El Consejo General de Hermandades y Cofradías ha presentado, en un acto celebrado en la sede central de la Caja Rural del Sur, el cartel de la Semana Santa de Sevilla de 2019. Es una obra hiperrealista del pintor Fernando Vaquero, apoyada en un modélico equilibrio entre el ayer y el hoy,  que hace mirar a la Semana Santa de siempre, pero contemplada en la actualidad.

La impronta del cartel, su motivo general, es una Piedad. Pero a poco que se percibe esa primera impresión, se van identificando sucesivamente los elementos compositivos de una iconografía que el cofrade sevillano va localizando, como si le hubiesen puesto por delante adivinanzas, como si se tratase de una gymcana pictórica, en la que ir descubriendo que todo resulta familiar, una Semana Santa eterna que abrir el Domingo de Ramos con envoltorio de 2019.


Son sus figuras centrales  -y fundamentales- las imágenes del Santísimo Cristo de la Caridad en su Traslado al Sepulcro (de la Hermandad de Santa Marta) y Nuestra Señora de la Quinta Angustia. El Cristo yacente se ofrece por Fernando Vaquero en su estado absolutamente natural como talla esculpida, recogiendo su anatomía con total fidelidad  -y realidad-  a Luis Ortega Bru.

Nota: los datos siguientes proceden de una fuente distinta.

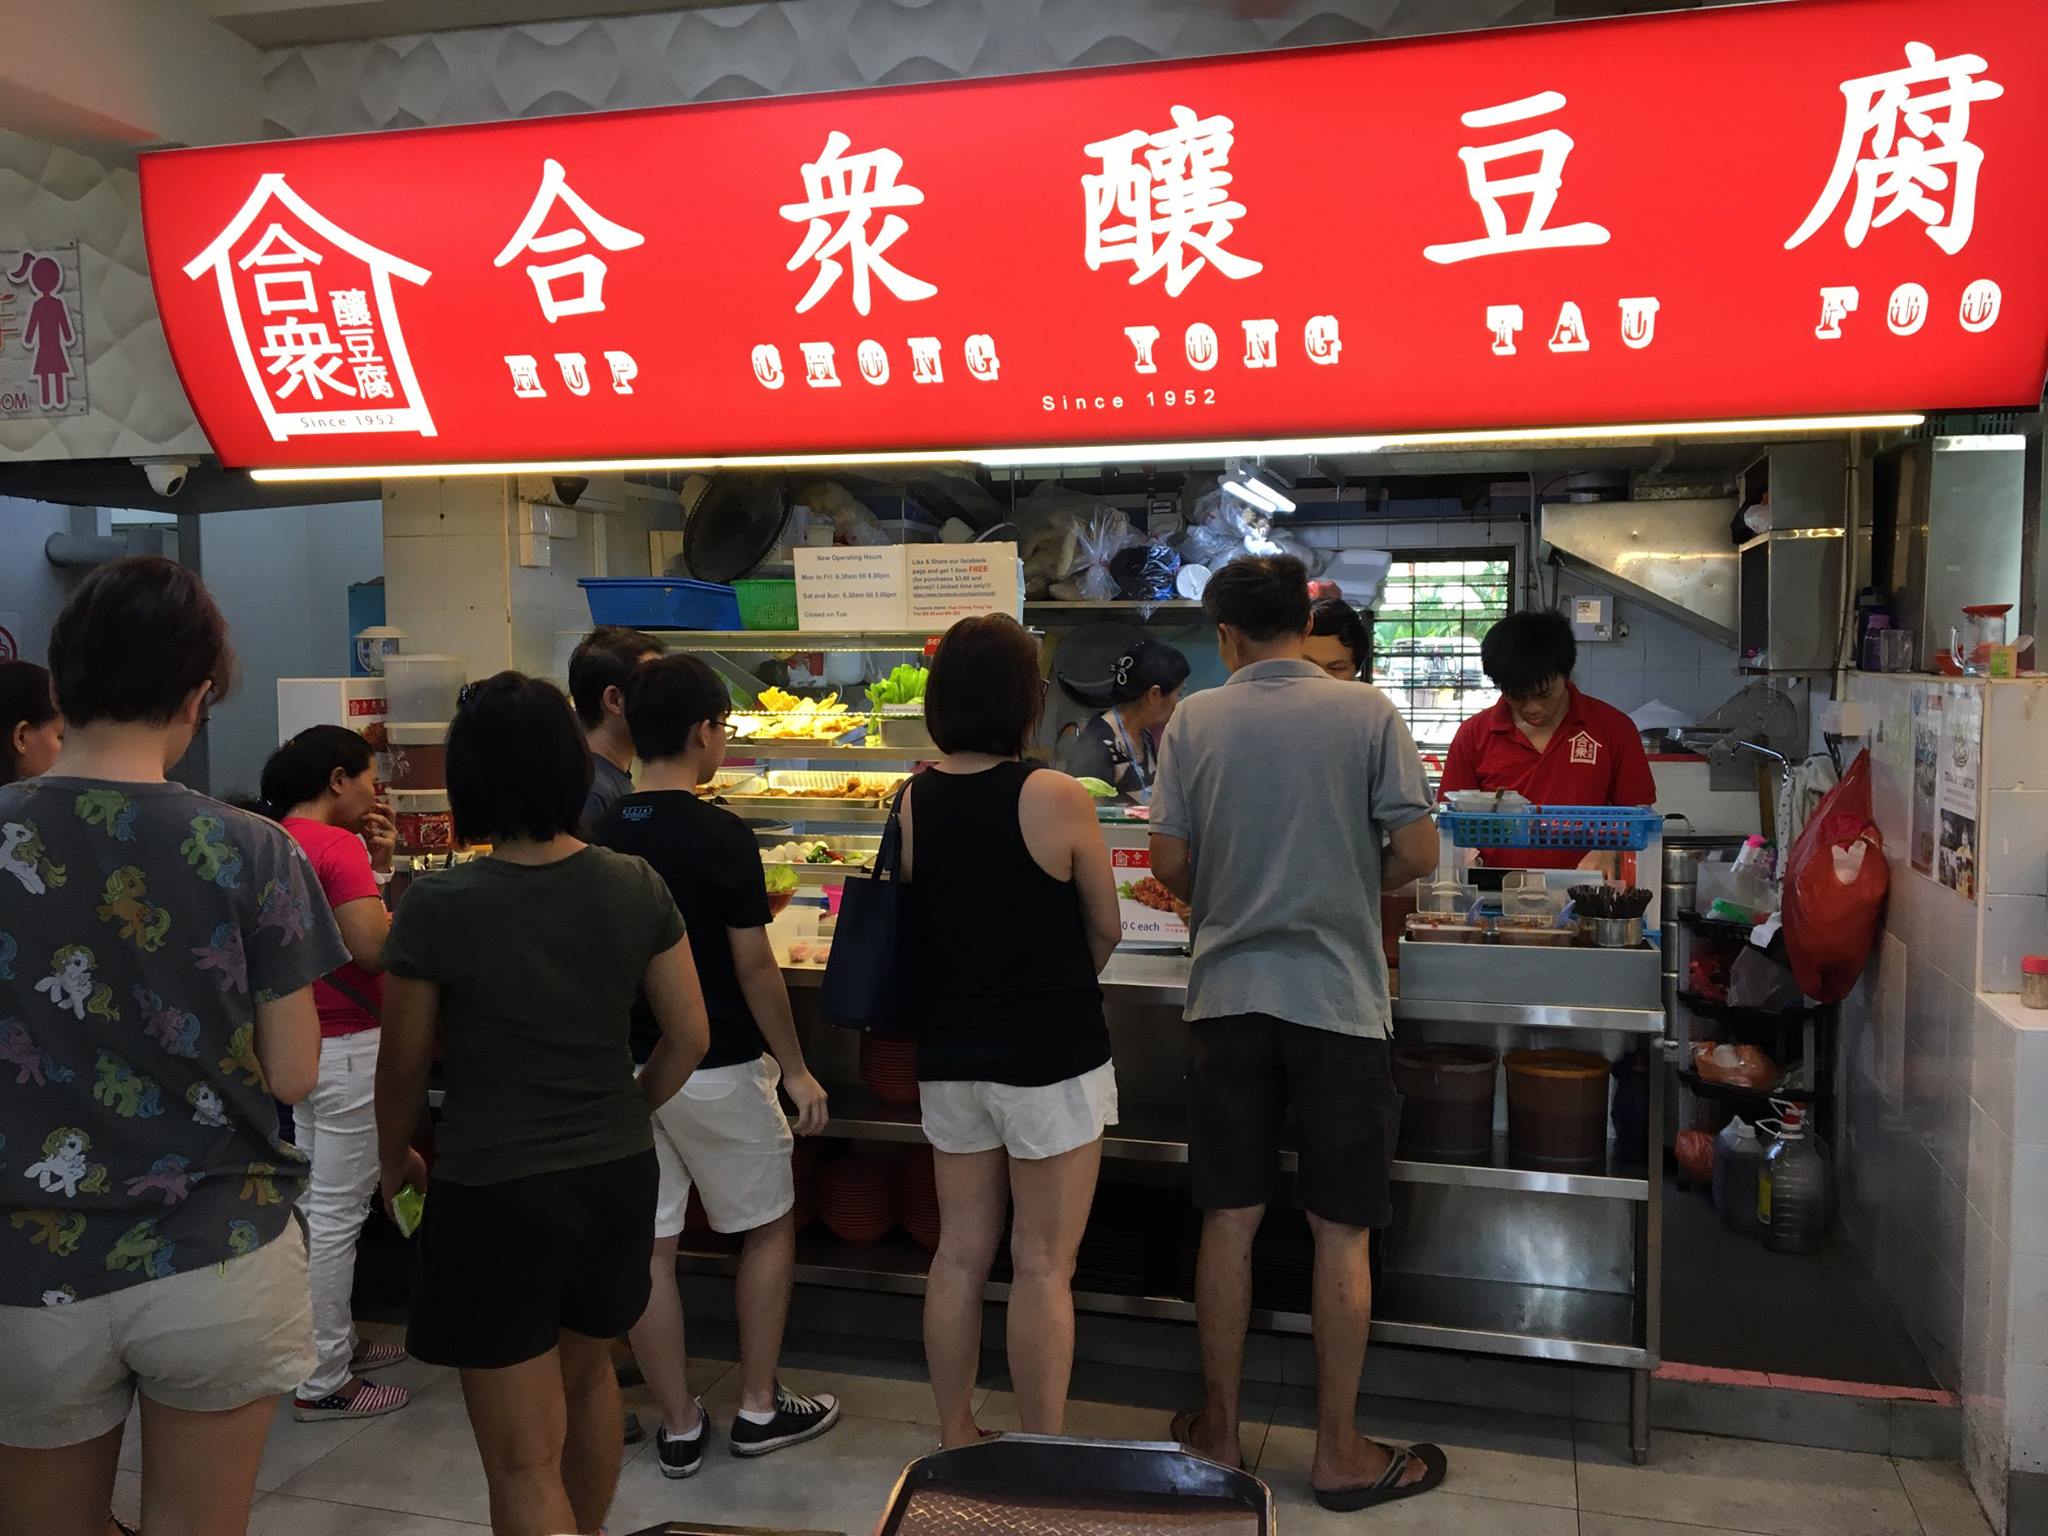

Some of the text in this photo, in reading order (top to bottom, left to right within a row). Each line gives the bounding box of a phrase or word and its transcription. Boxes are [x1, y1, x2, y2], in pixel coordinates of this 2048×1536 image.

[504, 279, 2001, 398] HUP CHONG YONG TAU FOO
[0, 392, 29, 411] OM
[1043, 389, 1215, 410] Since 1952
[300, 414, 395, 428] Since 1952
[832, 554, 862, 562] Operating
[968, 565, 989, 573] FREE
[1137, 922, 1160, 931] each

La Virgen de la Quinta Angustia, sin embargo, parece llegar desde las viejas estampas piadosas que se inspiraban en las grandes obras de arte. Su rostrillo evoca el estilo hebreo, está casi convertida a la vestimenta samaritana de las dolorosas sevillanas. Tiene incluso un cierto aire cinematográfico propio de Zeffirelli en “Jesús de Nazaret. Su tocado azul es una afortunada complicidad y mimetismo con Murillo en los mantos de sus inmaculadas. Y está coronada, a manera de diadema, como la Piedad del Baratillo, por el nombre de Sevilla. Lo que llega a ser de un enorme simbolismo, presagio de la coronación canónica de la Virgen de los Ángeles.

Tras el Cristo y la Virgen, el dúo principal lumínicamente considerado en el cartel, aparece San Juan, discreto desde una prudente zona sombría, parte del total más oscuro y grave de la dramática escena en el Calvario. Es la imagen que tallara Benito Hita del Castillo para acompañar a La Amargura, seguramente la escultura sobre San Juan más característica y señera de la Semana Santa de Sevilla, la que protagoniza un diálogo tal con la Virgen que llevó al pregonero Francisco J. Vázquez Perea a llamar al paso de La Amargura “ese paso de palio de misterio”.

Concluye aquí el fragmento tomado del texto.